Он посмотрел на лежащую на столе шляпу Эдварда Вуда. Подошел к столу и взял ее.

– По-моему, она вам больше не понадобится, мистер Вуд.

Вуд вырвал шляпу у него из рук.

– Ничего. Я надеюсь еще немного в ней походить.

– Ну-ну, – ухмыльнулся Асанти. – Прощайте, господа! – Он покинул номер. Старший из оставшихся поднял пистолет.

– Выходим по очереди, – сказал он с чудовищным немецким акцентом, – и никаких лишних движений. Сначала вы, – показал он на Вуда, – потом эти двое.

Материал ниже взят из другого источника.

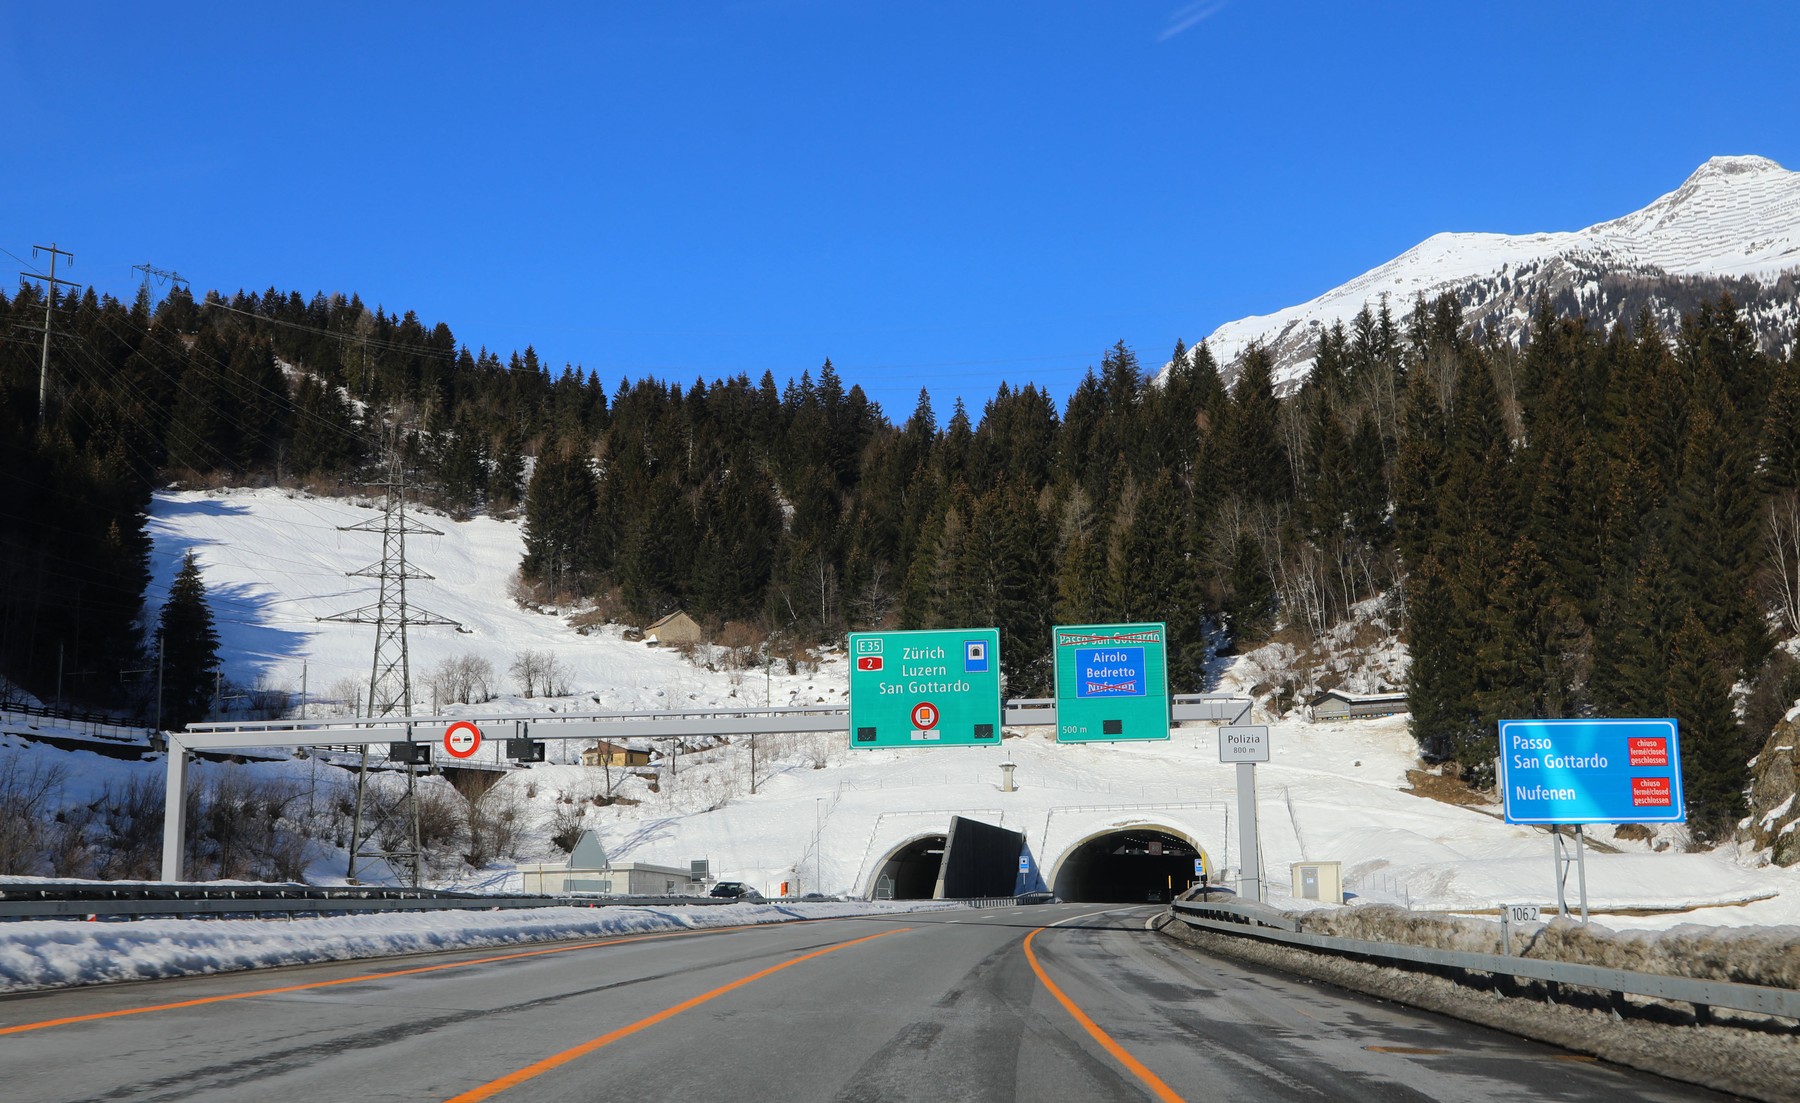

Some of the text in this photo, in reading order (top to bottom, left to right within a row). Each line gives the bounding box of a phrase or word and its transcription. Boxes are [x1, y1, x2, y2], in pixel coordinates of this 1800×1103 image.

[1060, 631, 1160, 646] Passo San Gottardo
[903, 646, 945, 660] Zürich
[1093, 652, 1128, 663] Airolo
[867, 660, 873, 669] 2
[902, 665, 947, 677] Luzern
[1086, 667, 1135, 678] Bedretto
[879, 680, 970, 695] San Gottardo
[922, 731, 928, 739] E
[1062, 726, 1078, 734] 500
[1228, 734, 1260, 744] Polizia
[1513, 735, 1552, 750] Passo
[1637, 739, 1657, 747] chiuso
[1233, 746, 1247, 754] 800
[1514, 753, 1608, 769] San Gottardo
[1630, 756, 1666, 766] geschlossen
[1640, 779, 1661, 787] chiuso
[1516, 785, 1576, 801] Nufenen
[1634, 797, 1669, 806] geschlossen
[1512, 907, 1537, 921] 106.2

Вуд надел шляпу и посмотрел на Дронго.

– Мне жаль, что все так получилось, – признался он, выходя из номера в сопровождении двух охранников. Через минуту еще с тремя оставшимися вышли Дронго и Барбара. В лифте он сжал ей руку. Она чуть улыбнулась. Кажется, она была более мужественна, чем он мог предположить.

Их посадили в небольшой автобус и повезли за город. В самом автобусе впереди сели двое охранников. За ними шел «Мерседес» с тремя другими. Дронго увидел на сиденье их автомобиля автоматы. Автобус изнутри не открывался, и у них не было никаких шансов сбежать отсюда.

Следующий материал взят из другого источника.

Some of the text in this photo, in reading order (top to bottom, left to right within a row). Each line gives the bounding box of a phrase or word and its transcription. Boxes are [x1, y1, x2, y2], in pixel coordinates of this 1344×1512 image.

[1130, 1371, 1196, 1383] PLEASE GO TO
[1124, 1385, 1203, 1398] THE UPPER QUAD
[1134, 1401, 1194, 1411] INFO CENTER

– Кажется, это наш последний рейс, – нашел он в себе силы пошутить. Он снова держал руку Барбары в своей руке. Она ничего не ответила.

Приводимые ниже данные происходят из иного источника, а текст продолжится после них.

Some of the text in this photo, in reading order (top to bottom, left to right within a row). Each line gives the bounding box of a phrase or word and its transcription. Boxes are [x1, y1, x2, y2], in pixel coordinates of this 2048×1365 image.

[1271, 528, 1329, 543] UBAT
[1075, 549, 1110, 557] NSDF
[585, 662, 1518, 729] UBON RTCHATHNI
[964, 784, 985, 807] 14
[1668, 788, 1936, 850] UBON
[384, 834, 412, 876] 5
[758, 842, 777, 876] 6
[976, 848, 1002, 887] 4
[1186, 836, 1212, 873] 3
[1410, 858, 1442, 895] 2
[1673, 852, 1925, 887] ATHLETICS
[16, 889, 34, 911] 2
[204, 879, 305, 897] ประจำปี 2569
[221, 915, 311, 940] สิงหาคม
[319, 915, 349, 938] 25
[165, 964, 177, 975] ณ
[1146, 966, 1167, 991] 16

Вуд смотрел куда-то в сторону, словно надеясь что-то увидеть за окнами этого бронированного автобуса…

– Скажите, мистер Вуд, для чего вы все-таки вытащили из тюрьмы это чудовище Шварцмана? – спросил Дронго. – Неужели действительно вам было это так нужно?

– Конечно, нет, – ответил Вуд, – просто по нашей информации именно он мог справиться с таким заданием. Не забывайте, он профессиональный убийца. Мы везде натыкались на деятельность этого Фонда. На прошлых выборах они тоже сыграли свою неблаговидную роль, подставив подножку Бушу. Нам просто это надоело. А ответить им в рамках закона мы не могли. Вы же знаете, как у нас все сейчас строго. Этот тип Асанти прав. Над нами столько политиков, мы связаны по рукам и ногам. А они могут все – любые действия. Тем более что у них очень сильная финансовая поддержка. Обычно любой банкир, считающий, что его интересы ущемляют еврейские банкиры, тут же обращается к националистам и патриотам. Он ведь правду не скажет, а начнет рассуждать о любви к отечеству. Хотя на самом деле все из-за ущемленного личного самолюбия. Вот он и дает деньги подобным фондам. А мы ничего не можем сделать.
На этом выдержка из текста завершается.